About this task — Set down each line of the data below exactly as it stands, dropping the pictures.

Records supplied —
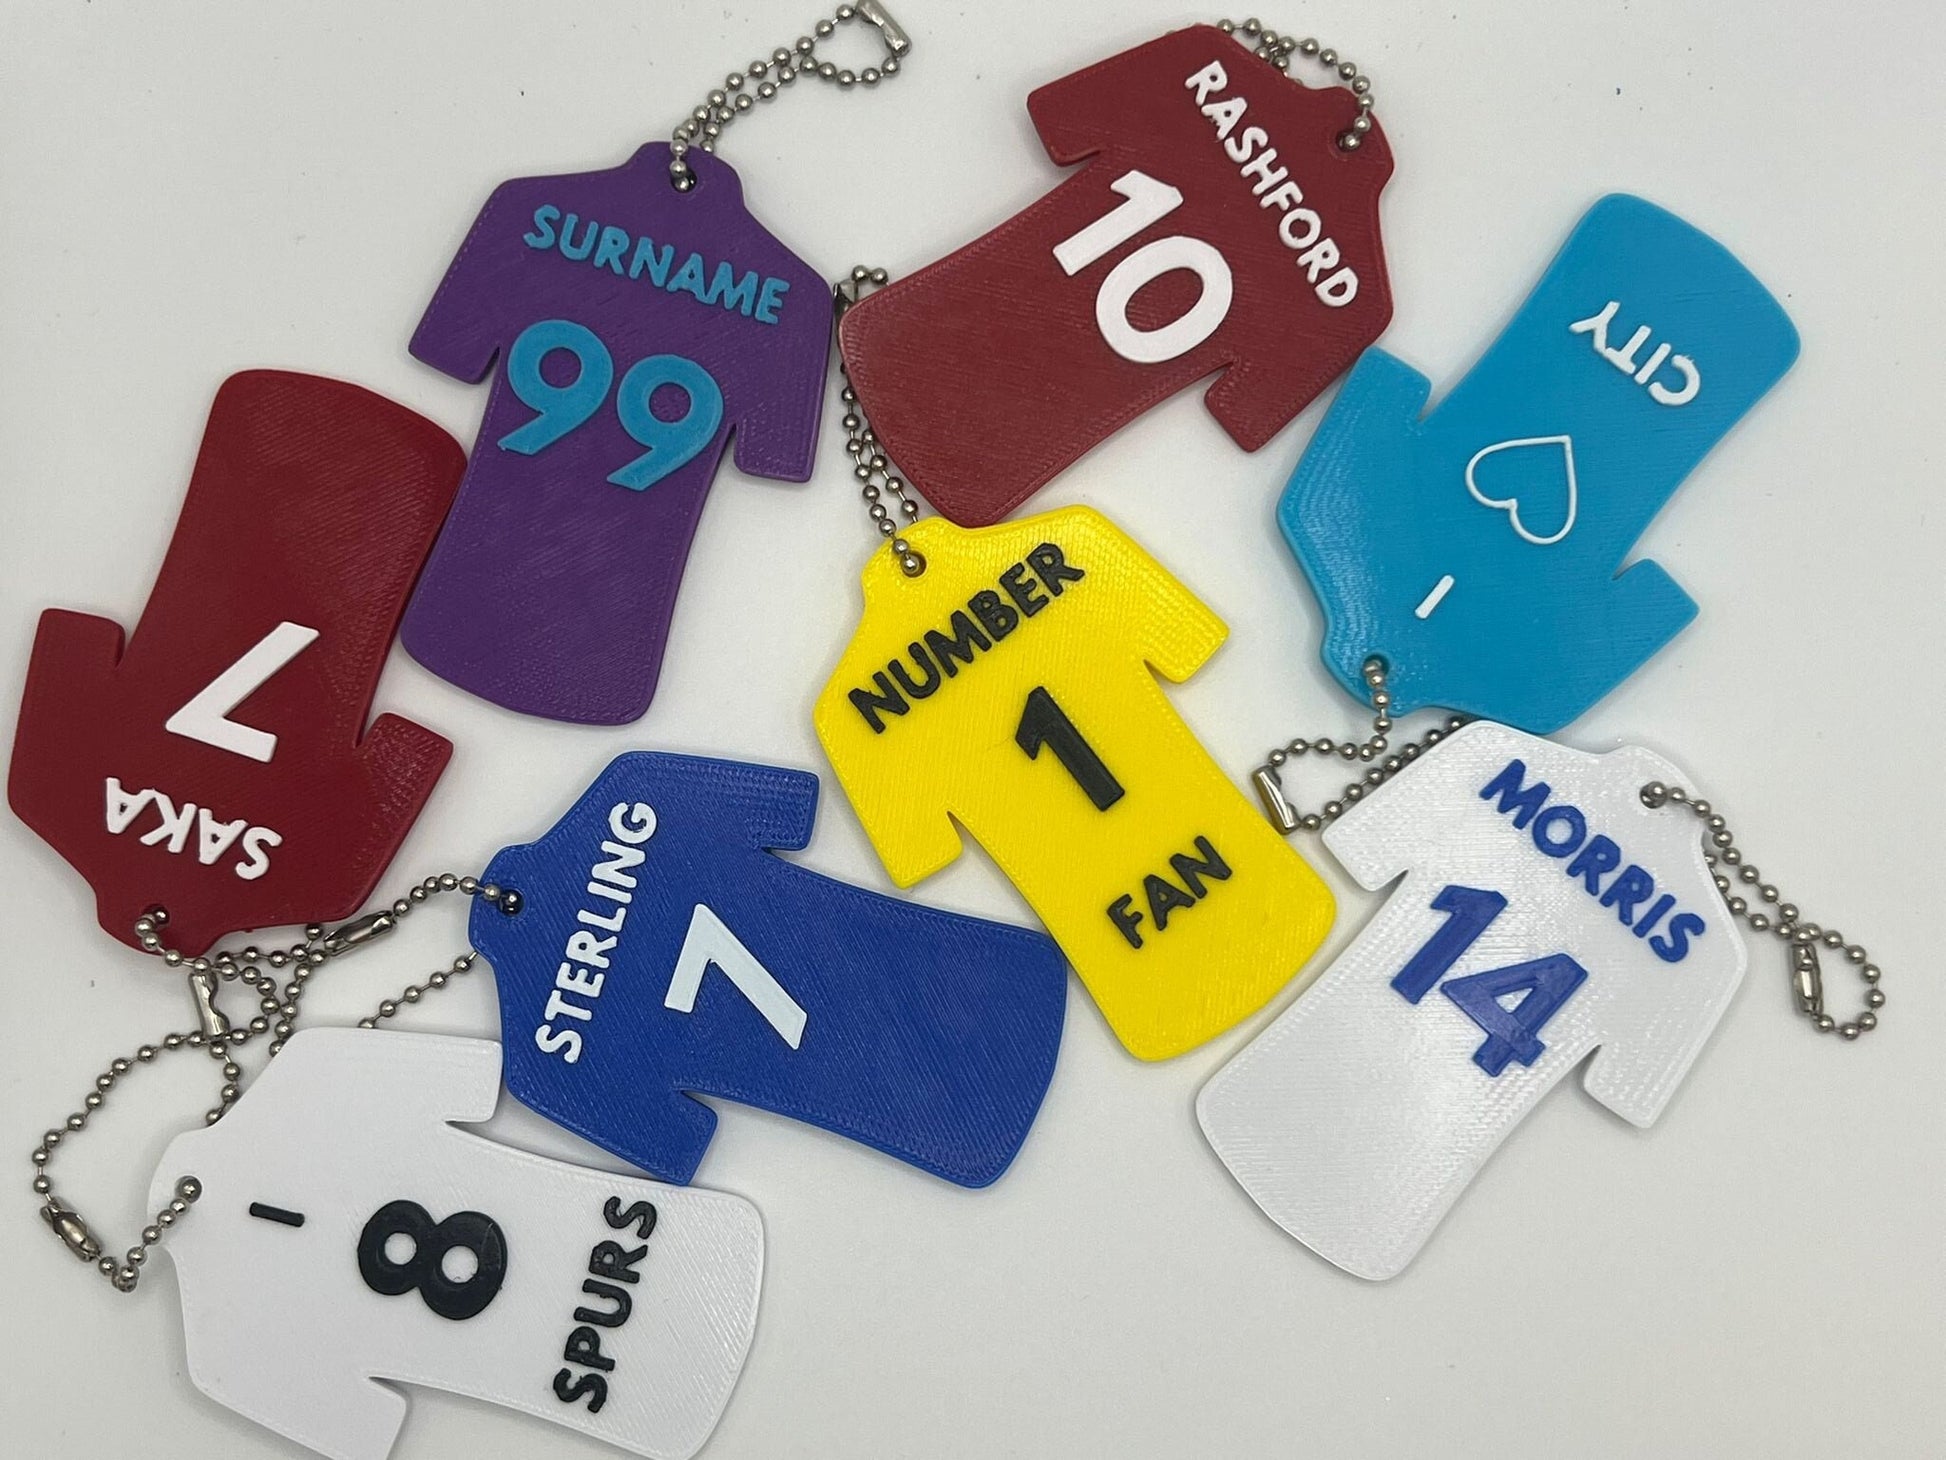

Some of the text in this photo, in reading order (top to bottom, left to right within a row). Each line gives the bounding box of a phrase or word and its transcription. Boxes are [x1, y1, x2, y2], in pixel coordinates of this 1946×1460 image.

[1184, 60, 1359, 308] RASHFORD
[523, 204, 789, 325] SURNAME
[1053, 170, 1233, 364] 10
[497, 320, 724, 489] 99
[1570, 301, 1700, 406] CITY
[848, 542, 1085, 734] NUMBER
[1415, 574, 1453, 618] I
[166, 621, 319, 762] 7
[1015, 686, 1124, 811] 1
[105, 777, 283, 879] SAKA
[1106, 835, 1232, 948] FAN
[1479, 758, 1706, 962] MORRIS
[536, 801, 657, 1062] STERLING
[664, 903, 807, 1050] 7
[1390, 885, 1588, 1076] 14
[249, 1201, 304, 1227] I
[357, 1199, 507, 1319] 8
[553, 1196, 658, 1412] SPURS
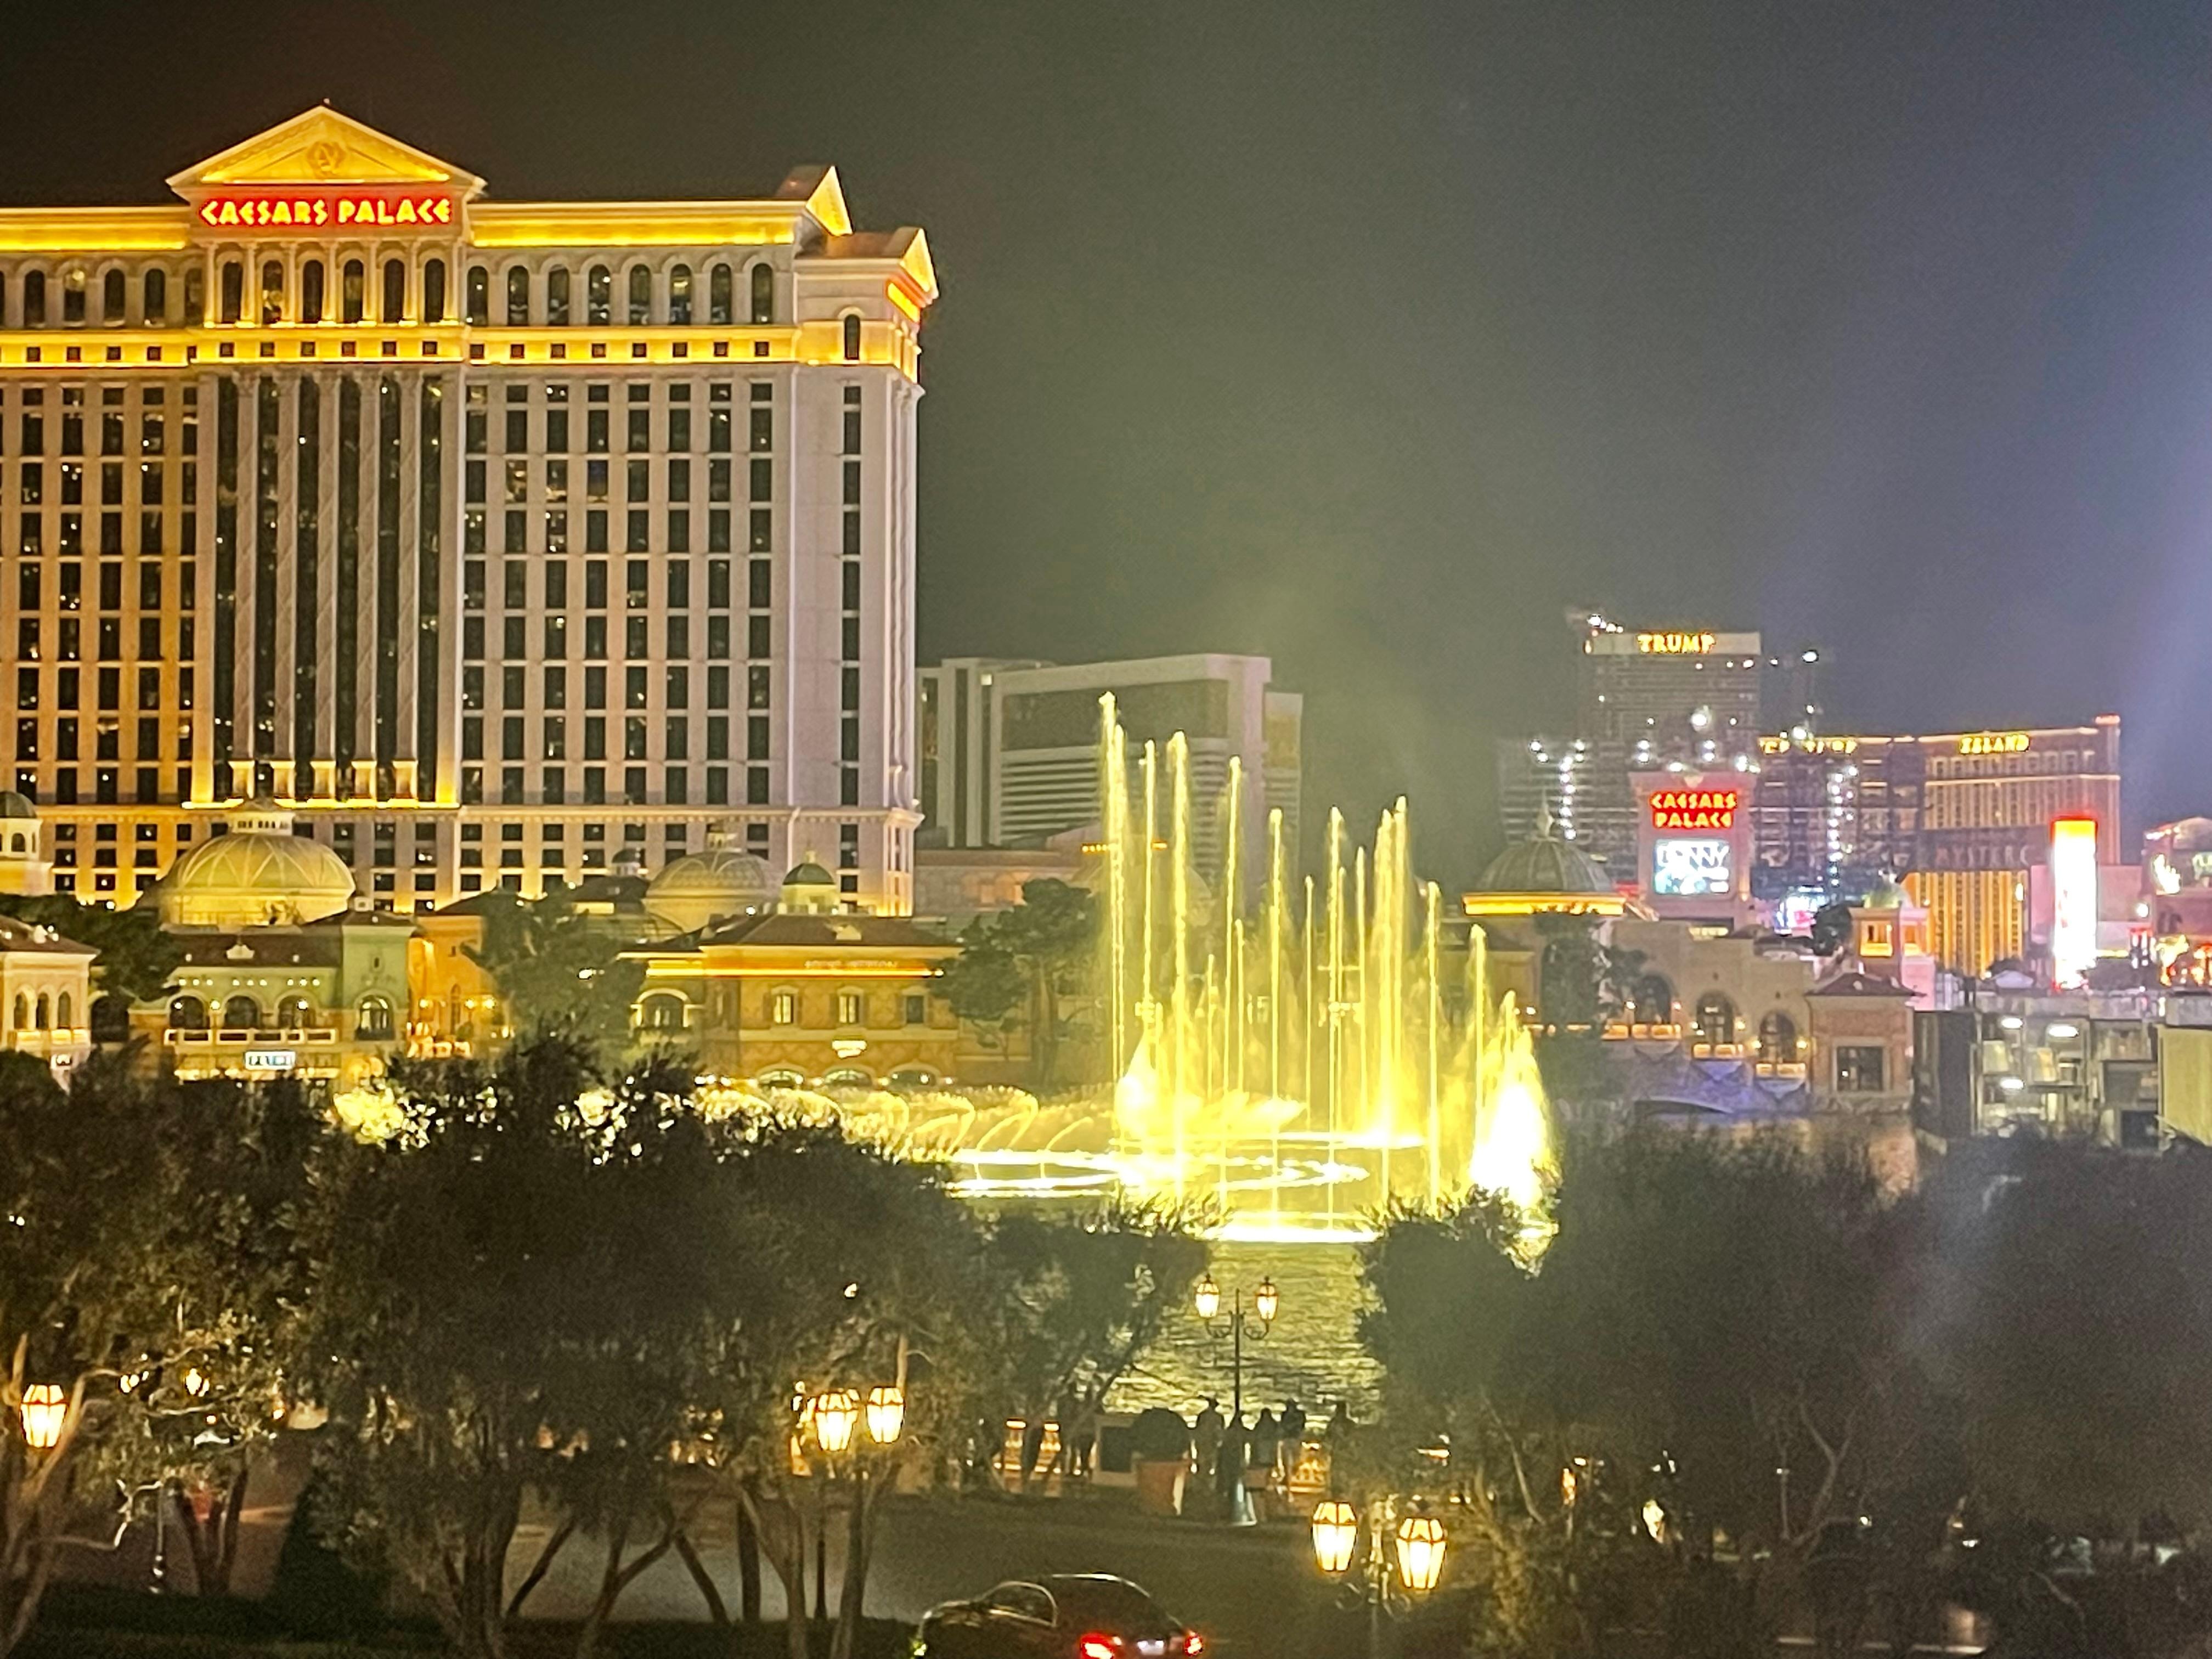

Result below —
Some of the text in this photo, in reading order (top to bottom, left to right within a row). Each line gives the bounding box of a phrase or word and its transcription. Boxes are [x1, y1, x2, y2], in pixel coordinates of this 1946×1460 image.

[1184, 60, 1359, 308] RASHFORD
[523, 204, 789, 325] SURNAME
[1053, 170, 1233, 364] 10
[497, 320, 724, 489] 99
[1570, 301, 1700, 406] CITY
[848, 542, 1085, 734] NUMBER
[1415, 574, 1453, 618] I
[166, 621, 319, 762] 7
[1015, 686, 1124, 811] 1
[105, 777, 283, 879] SAKA
[1106, 835, 1232, 948] FAN
[1479, 758, 1706, 962] MORRIS
[536, 801, 657, 1062] STERLING
[664, 903, 807, 1050] 7
[1390, 885, 1588, 1076] 14
[249, 1201, 304, 1227] I
[357, 1199, 507, 1319] 8
[553, 1196, 658, 1412] SPURS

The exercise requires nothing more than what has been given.